Démocratisation de la détection de cancers ou gadget pour hypocondriaques ? Dans un article paru ce mardi 17 janvier dans Nature Communications, ces scientifiques ont développé un microscope qui s’appuierait sur le capteur photo d’un smartphone pour réaliser des séquençages d’ADN.
Ce dispositif serait en effet capable de détecter les produits fluorescents des réactions de séquençage de l’ADN dans les cellules et les tissus. Il ne serait plus nécessaire de se rendre dans un laboratoire. Un médecin pourrait brancher ce microscope à son téléphone pour effectuer par exemple une analyse moléculaire sur une tumeur.
Un progrès majeur pour repérer à temps, et à moindre coût, un cancer ou une maladie infectieuse. Présente dans chaque cellule vivante, l’acide désoxyribonucléique (ADN) rassemble toute l’information permettant à l’organisme qui la contient de se développer et de se gérer. Le séquençage permet en effet de comprendre et de poser un diagnostic, mais également d’identifier des mutations génétiques. Il permet d’identifier une mutation ou un gène impliqué dans une maladie, mais également d’évaluer les prédispositions génétiques d’une personne pour certaines maladies ou d’en savoir plus sur sa « généalogie génétique ».

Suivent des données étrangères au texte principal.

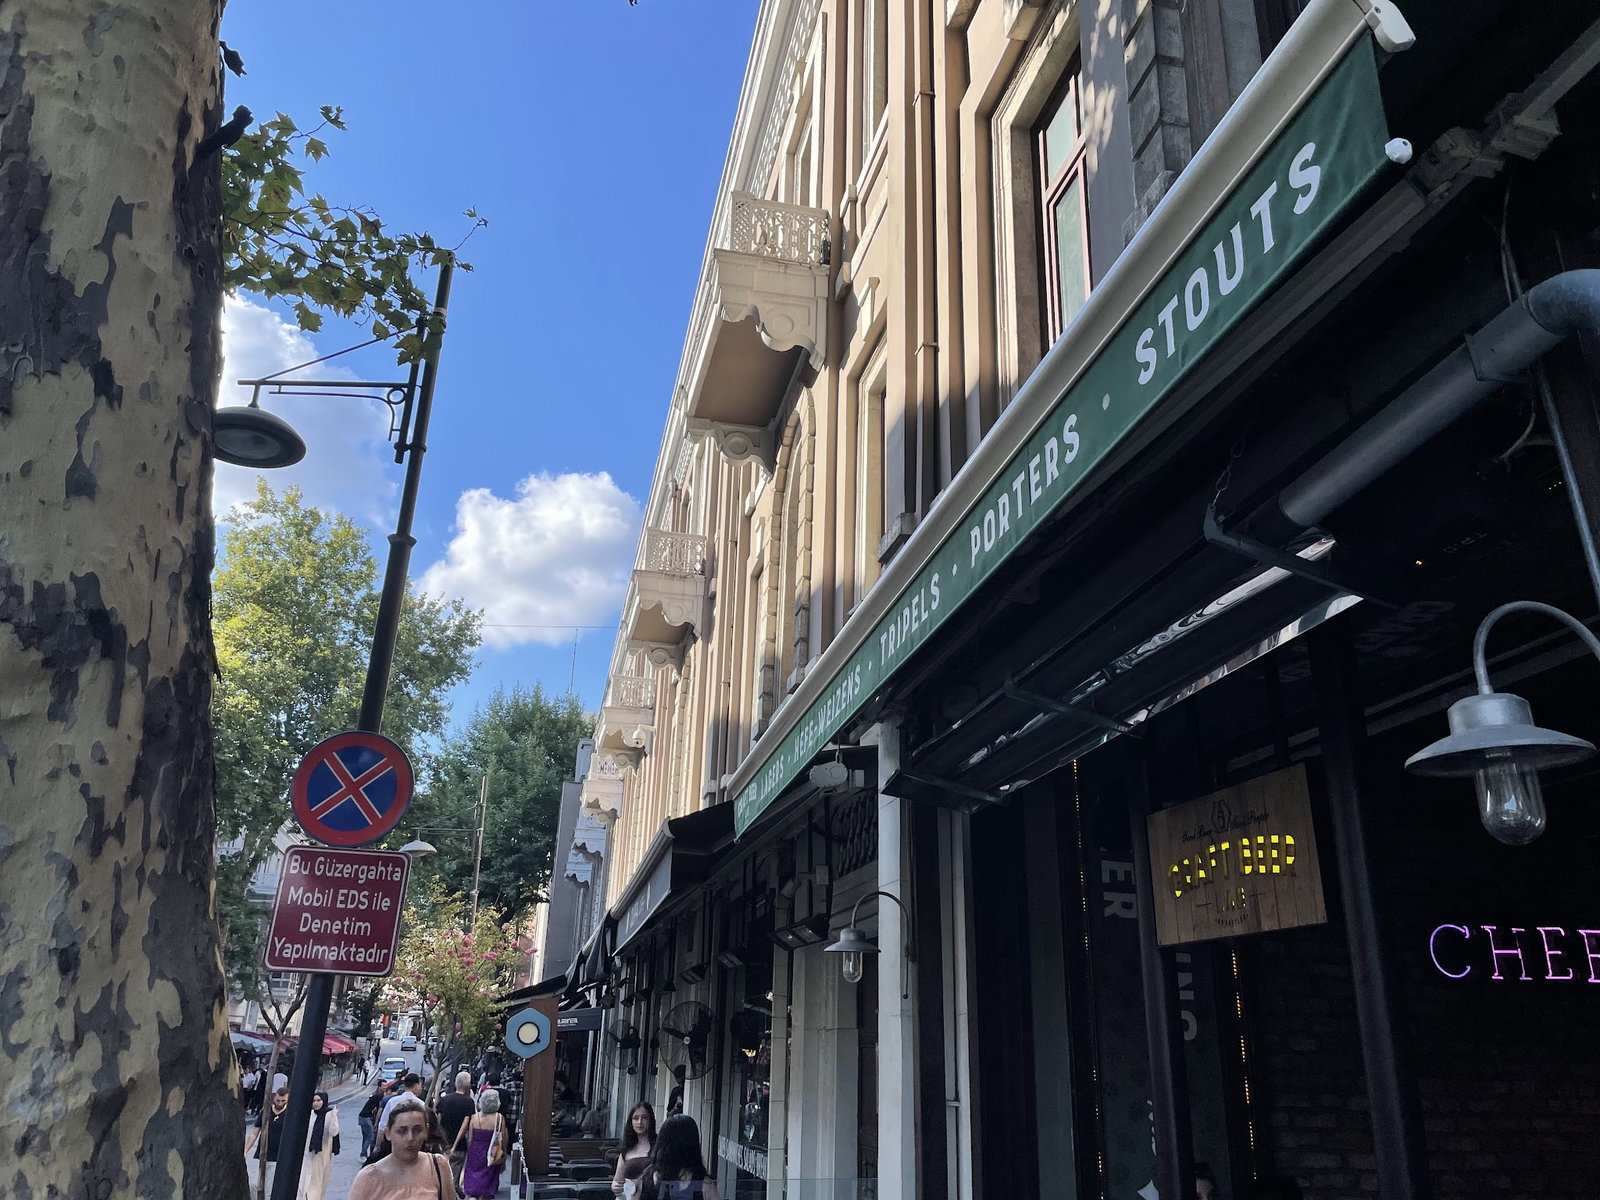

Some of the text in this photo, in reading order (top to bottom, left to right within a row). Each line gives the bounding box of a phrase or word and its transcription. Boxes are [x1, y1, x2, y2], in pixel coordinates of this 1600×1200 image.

[794, 664, 861, 763] HEFE-WEIZENS
[880, 572, 940, 666] TRIPELS
[970, 413, 1080, 568] PORTERS
[1135, 142, 1321, 385] STOUTS
[289, 855, 401, 884] Bu Güzergahta
[288, 886, 391, 911] Mobil EDS ile
[299, 913, 371, 936] Denetim
[274, 937, 388, 964] Yapılmaktadır

Pour relever ce défi, les chercheurs américains et suédois se sont appuyés sur l’impression 3D pour concevoir leur dispositif. Il est équipé de deux diodes laser pour l’imagerie par fluorescence et d’une diode électroluminescente blanche pour l’imagerie de transmission. Des essais concluants ont été réalisés sur des lignées cellulaires de cancer du côlon et sur des échantillons de tumeurs humaines. Le traitement des images a été géré par un algorithme d’apprentissage automatique.
Les Français ne sont pas en reste. Patrick Merel, un biologiste moléculaire qui a fait toutes ses études à Bordeaux, propose une application qui permettrait à chacun de transporter son génome sur son smartphone, de suivre l’évolution des connaissances relatives à son état patrimoine génétique. Une mention « cancer du sein » accompagnée d’une icône rouge soulignera par exemple une prédisposition à cette maladie, tandis qu’une icône verte indiquera l’absence de risque.

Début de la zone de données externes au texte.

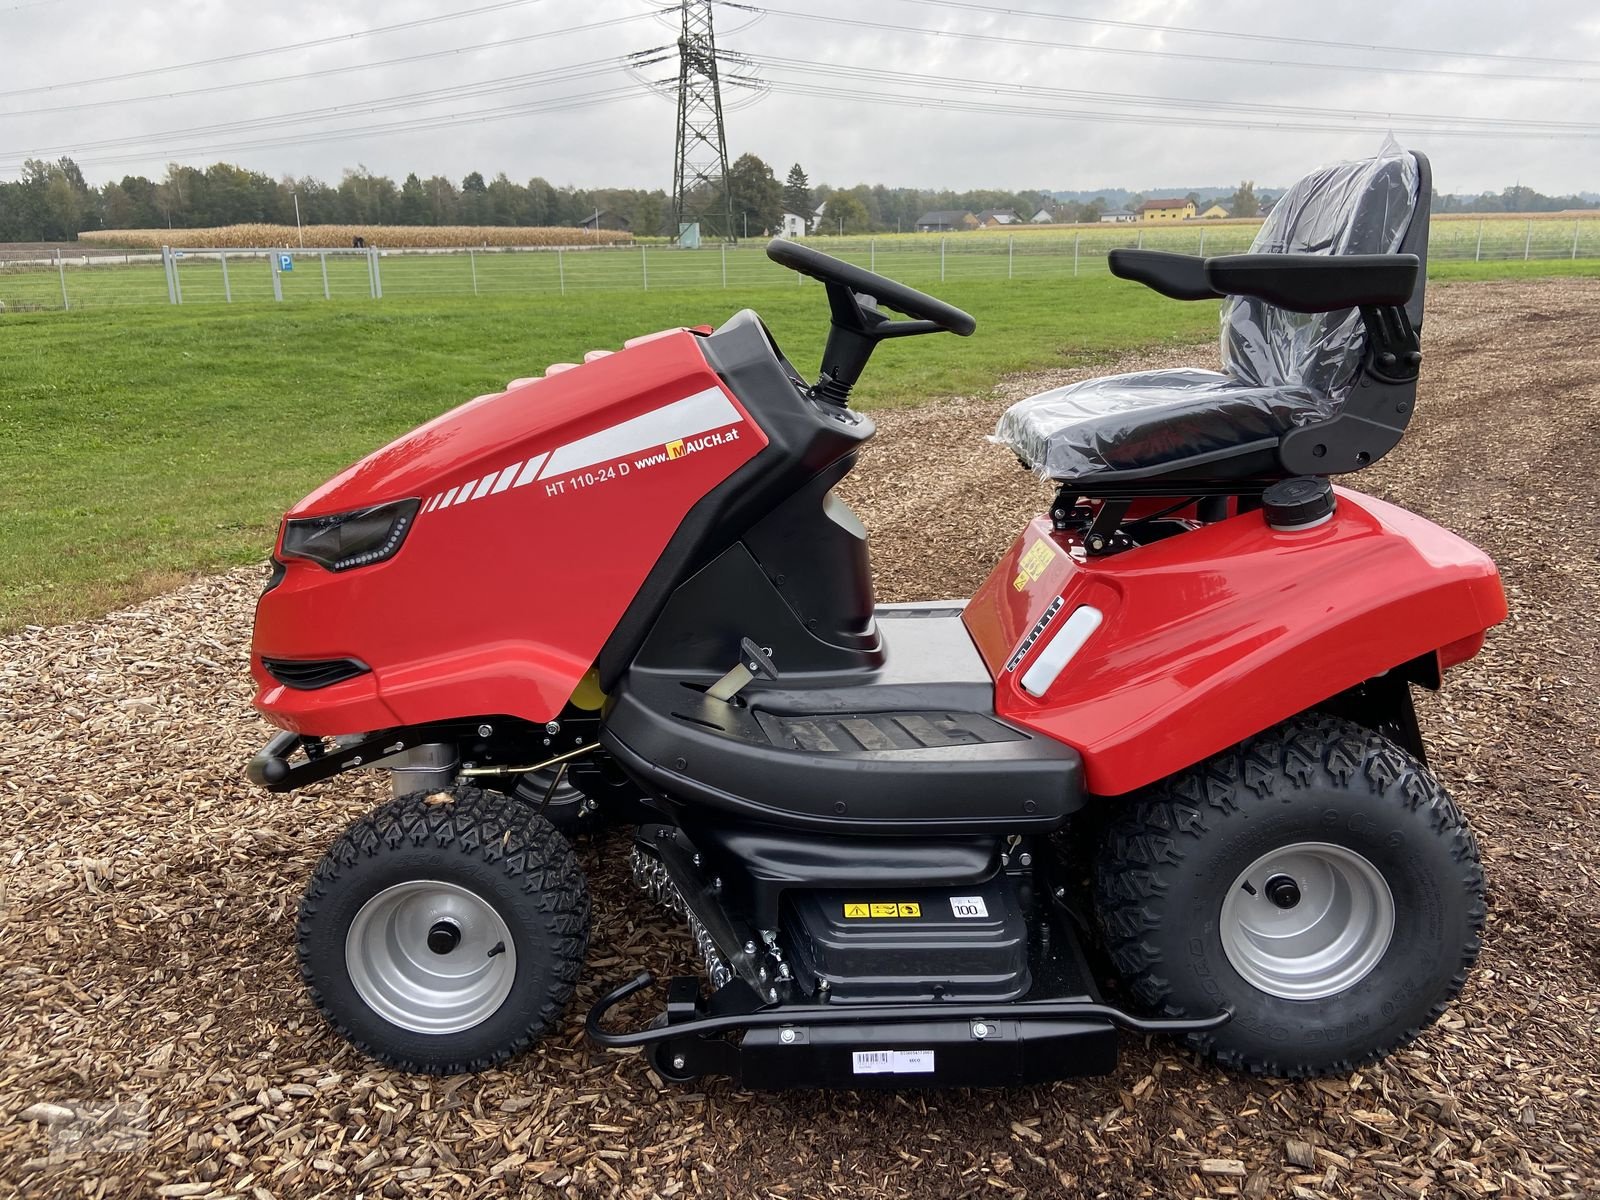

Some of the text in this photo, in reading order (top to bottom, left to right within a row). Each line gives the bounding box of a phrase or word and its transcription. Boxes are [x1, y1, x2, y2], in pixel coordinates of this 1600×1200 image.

[281, 255, 290, 270] P
[634, 428, 740, 470] www.MAUCH.at
[545, 462, 631, 497] HT 110-24 D
[954, 904, 978, 915] 100

Avec deux autres biologistes et une chercheuse en bio-informatique du CNRS au Labri, il a conçu un projet qui en surprend plus d’un : faire entrer ce fichier de 3 Go – notre génome humain – dans un téléphone portable. En ayant toujours avec soi son code génétique, nous pourrions le faire analyser à tout moment par un spécialiste. Une activité en pleine croissance. Moyennant quelques centaines de dollars, des firmes, essentiellement américaines, proposent déjà aux particuliers de séquencer les données contenues dans leur ADN. Un labo décrypte l’ADN, et en quelques clics, le curieux a accès à certaines informations de son ADN via un site sécurisé et peut savoir, par exemple, s’il est porteur de gènes favorisant tel ou tel cancer.

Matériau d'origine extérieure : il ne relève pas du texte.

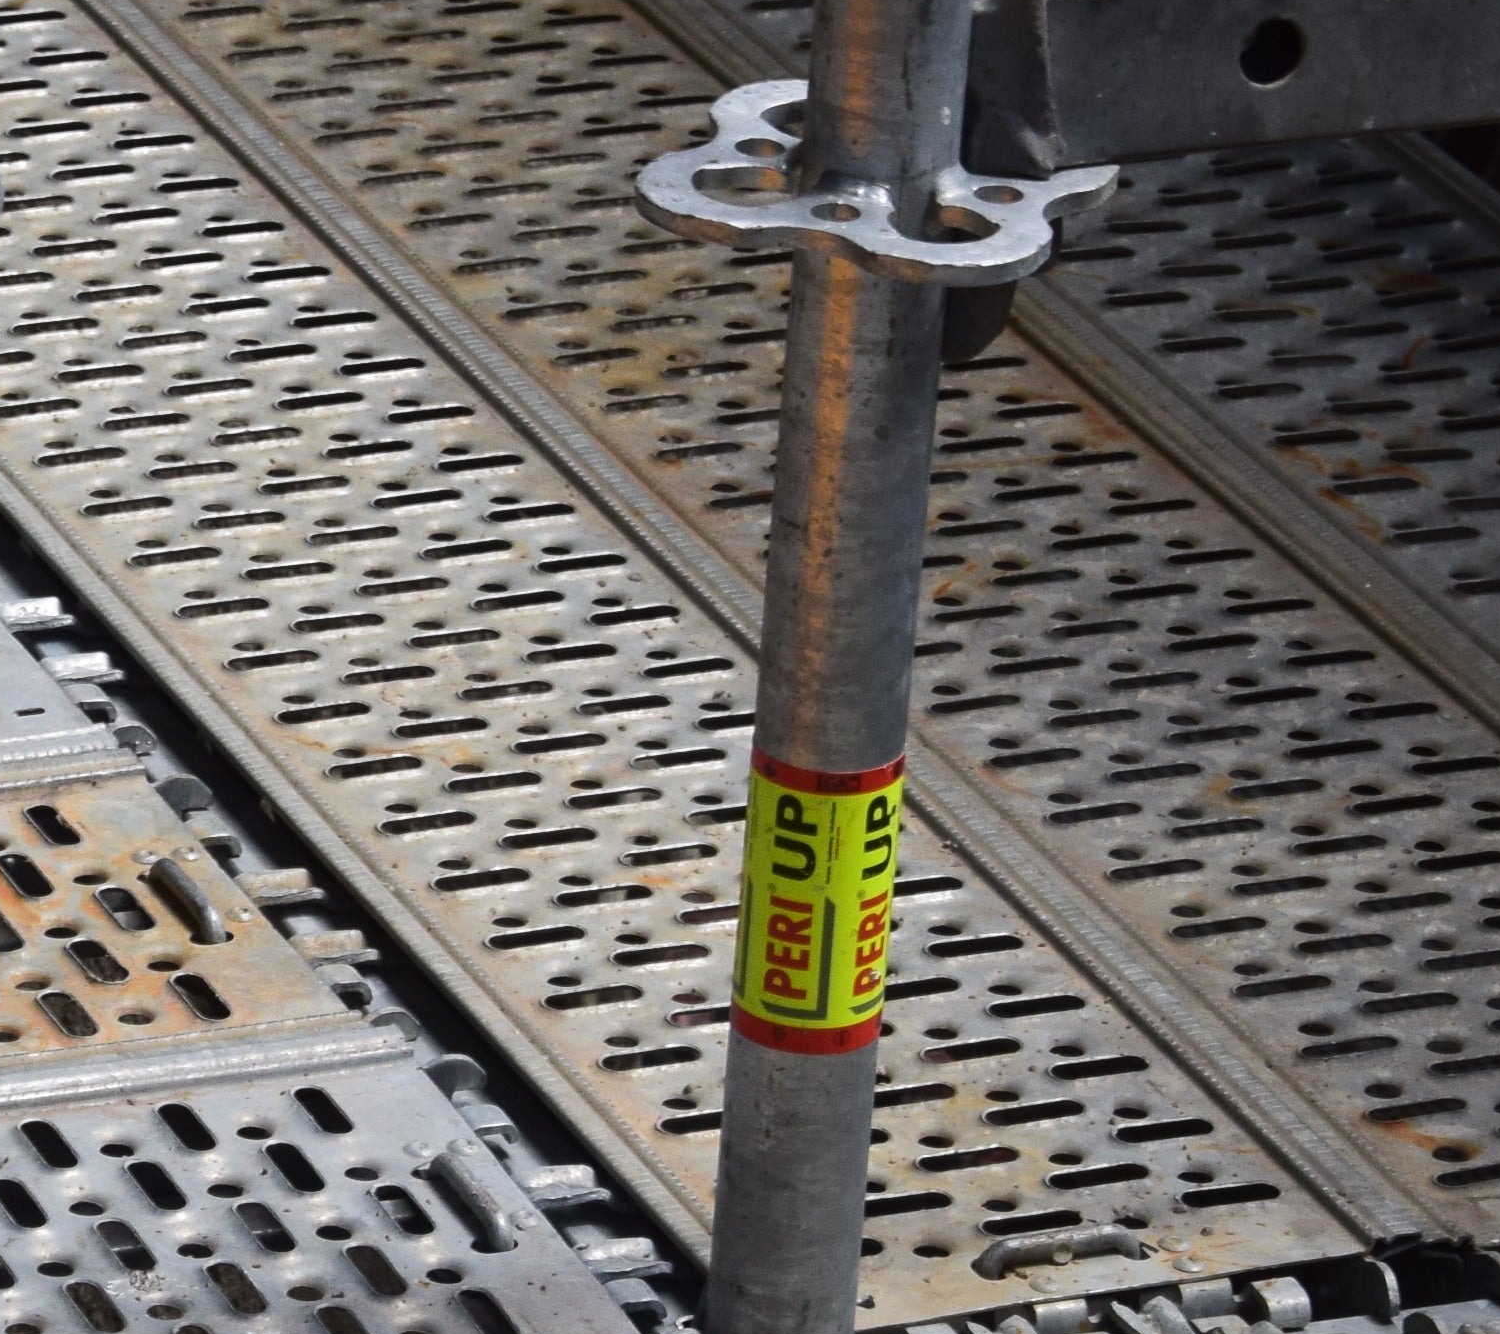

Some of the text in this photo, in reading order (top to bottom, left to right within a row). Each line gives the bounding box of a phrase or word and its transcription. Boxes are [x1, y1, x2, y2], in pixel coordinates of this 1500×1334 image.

N’ayant pas obtenu de financement en France (le séquençage du génome demeure strictement encadré), Patrick Merel s’est rendu aux États-Unis pour créer la société Portable Genomics. Début janvier, Apple le contactait… Un premier pas vers la génomique portable ? « Ne va-t-on pas inquiéter inutilement des personnes qui ne vont pas forcément déclarer ces maladies ? », s’inquiète au contraire Patrick Gaudray, membre du Conseil consultatif national d’éthique (CCNE) et directeur de recherche au CNRS.